O VENDEDOR DE CAVACO CHINÊS

Crônicas

Por Remi Bastos

Ainda me recordo a época em que meus pais moravam na antiga Rua dos Machados, atualmente, Pedro Américo, em Santana do Ipanema, estado de Alagoas. Até então, éramos  seis filhos, tendo o mais velho pouco mais de sete anos de idade. Vivíamos amparados pelas asas do carinho de nossos pais, onde tudo girava em torno dos seus consentimentos. Da nossa casa, ao entardecer, ouvíamos o repicar dos sinos da matriz anunciando a hora do Angelus. A cidade ainda dividida pelos bairros São Pedro, Camoxinga e Monumento cedia à atenção daquele momento tão puro e santo, enquanto, a “Voz do Município” sobre a apresentação de Darras Noya, dava uma conotação ao flagrante angelical, através dos alto-falantes distribuídos nos quadrantes da cidade. Todas as tardes, o silêncio da nossa rua era quebrado pelo trin-lin-lin do vendedor de cavaco chinês. Lá em casa a agitação era geral, todos queriam saborear aquela deliciosa guloseima. Geralmente, o vendedor de cavaco chinês era quase sempre um adolescente que percorria as ruas da cidade transportando nas costas um cilindro de zinco com uma tampa rasa, afunilada na sua parte superior, onde no seu interior eram acondicionados os cavacos. Em suas mãos levava um triângulo de ferro e uma alça ou bastão, também de ferro, de onde extraía o som através das batidas intermitentes, que executava, alertando a sua clientela, os meninos da rua. O cavaco chinês, apesar do nome, teria a sua origem na Índia. A sua composição consiste de farinha de trigo e açúcar.

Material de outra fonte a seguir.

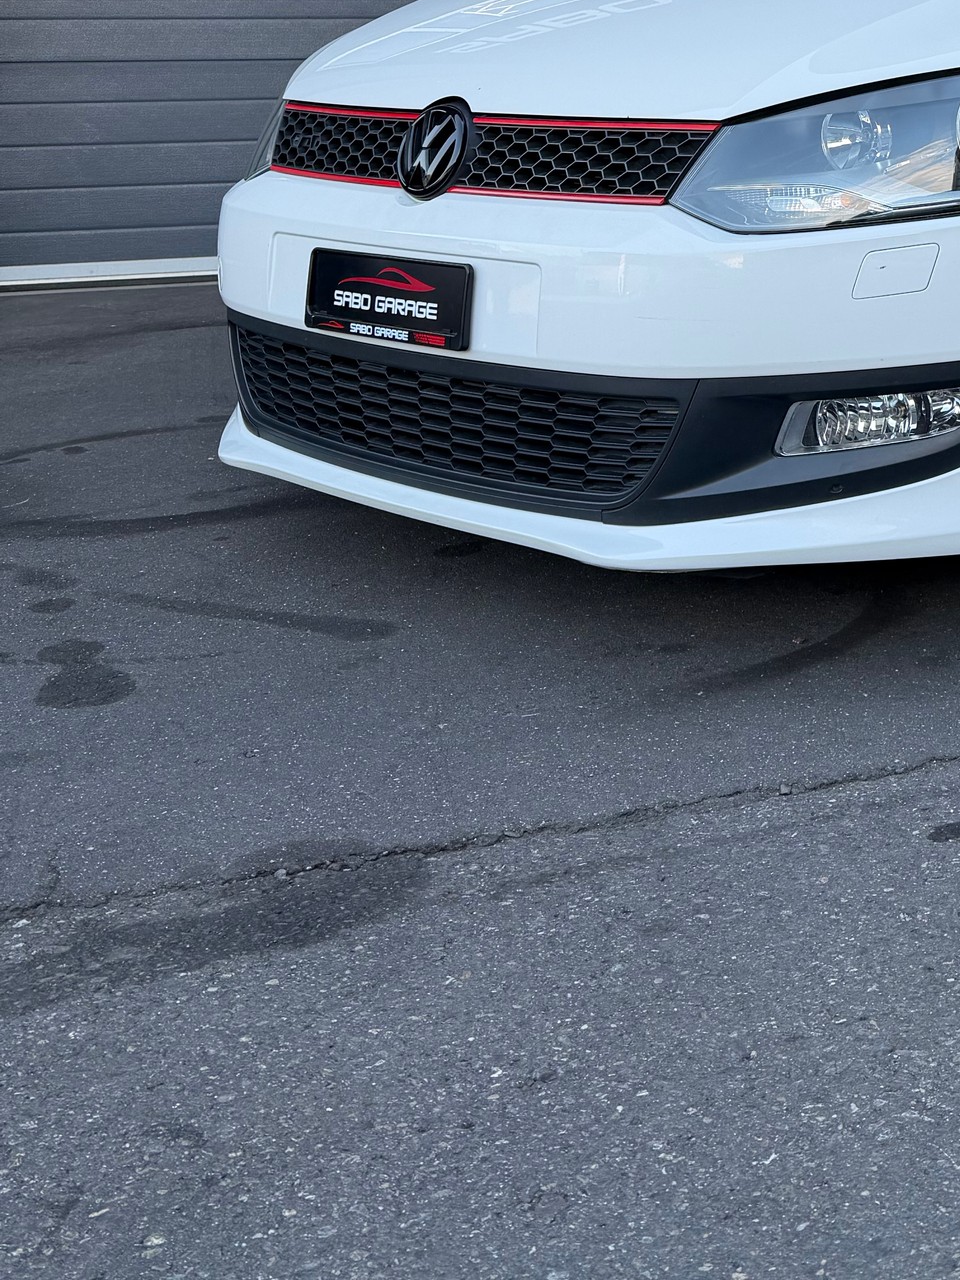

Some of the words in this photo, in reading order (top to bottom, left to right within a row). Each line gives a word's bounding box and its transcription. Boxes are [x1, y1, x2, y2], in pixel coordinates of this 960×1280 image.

Atualmente a tradição pelo comércio desta guloseima tão simplória, está cada vez mais distante no tempo, enfraquecendo o desejo festivo da criançada. O vendedor de cavaco chinês deixou de ser uma alegria para se tornar uma lembrança afável para aqueles que viveram o tempo da calça curta e da boneca de pano. O trin-lin-lin do triângulo continuará ecoando pelas ruas dos nossos pensamentos num convite especial à gurizada. E sempre que eu ouvir o seu tinido lembrarei saudosamente da rua onde iniciei os meus primeiros passos, vendo todas as tardes o vendedor de cavaco chinês passar tocando o seu instrumento.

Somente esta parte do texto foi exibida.